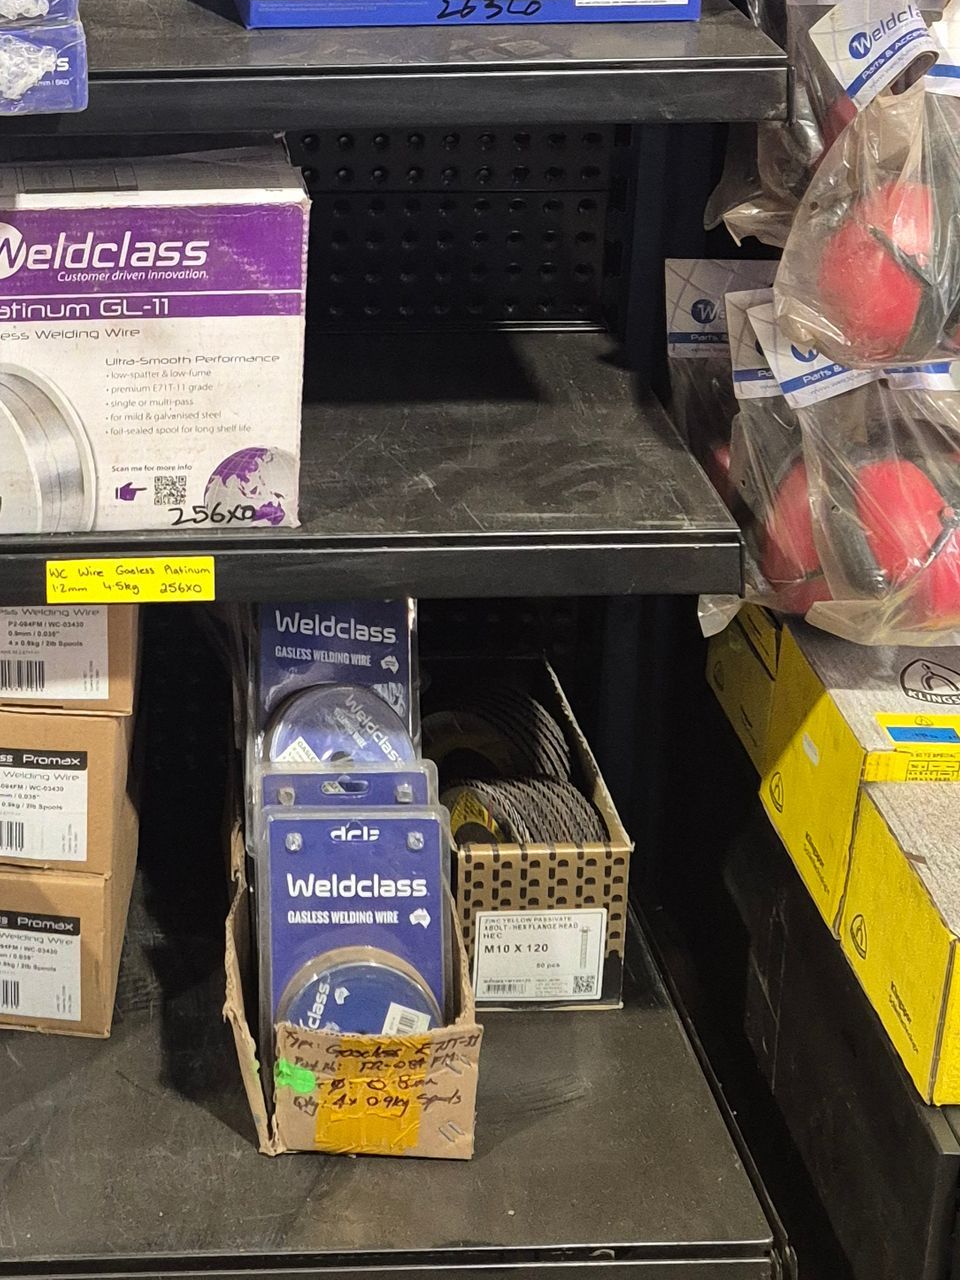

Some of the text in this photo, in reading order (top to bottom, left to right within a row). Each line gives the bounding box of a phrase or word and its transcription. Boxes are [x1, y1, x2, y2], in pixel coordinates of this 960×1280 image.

[57, 269, 110, 282] Customer
[111, 269, 145, 280] driven
[100, 298, 169, 317] GL-11
[35, 329, 100, 341] Welding
[105, 327, 140, 338] Wire
[106, 353, 280, 367] Ultra-Smooth Performance
[276, 610, 397, 644] Weldclass
[275, 646, 371, 666] GASLESS WELDING WIRE
[23, 754, 81, 766] Promax
[286, 873, 427, 897] Weldclass
[17, 917, 74, 931] Promax
[331, 910, 373, 924] WELDING
[375, 910, 399, 923] WIRE
[527, 944, 548, 952] 120

GOAL OF THE EXERCISE » Drop the images and quote the entries word for word.

RESPONSE »
Some of the text in this photo, in reading order (top to bottom, left to right within a row). Each line gives the bounding box of a phrase or word and its transcription. Boxes are [x1, y1, x2, y2], in pixel coordinates of this 960×1280 image.

[57, 269, 110, 282] Customer
[111, 269, 145, 280] driven
[100, 298, 169, 317] GL-11
[35, 329, 100, 341] Welding
[105, 327, 140, 338] Wire
[106, 353, 280, 367] Ultra-Smooth Performance
[276, 610, 397, 644] Weldclass
[275, 646, 371, 666] GASLESS WELDING WIRE
[23, 754, 81, 766] Promax
[286, 873, 427, 897] Weldclass
[17, 917, 74, 931] Promax
[331, 910, 373, 924] WELDING
[375, 910, 399, 923] WIRE
[527, 944, 548, 952] 120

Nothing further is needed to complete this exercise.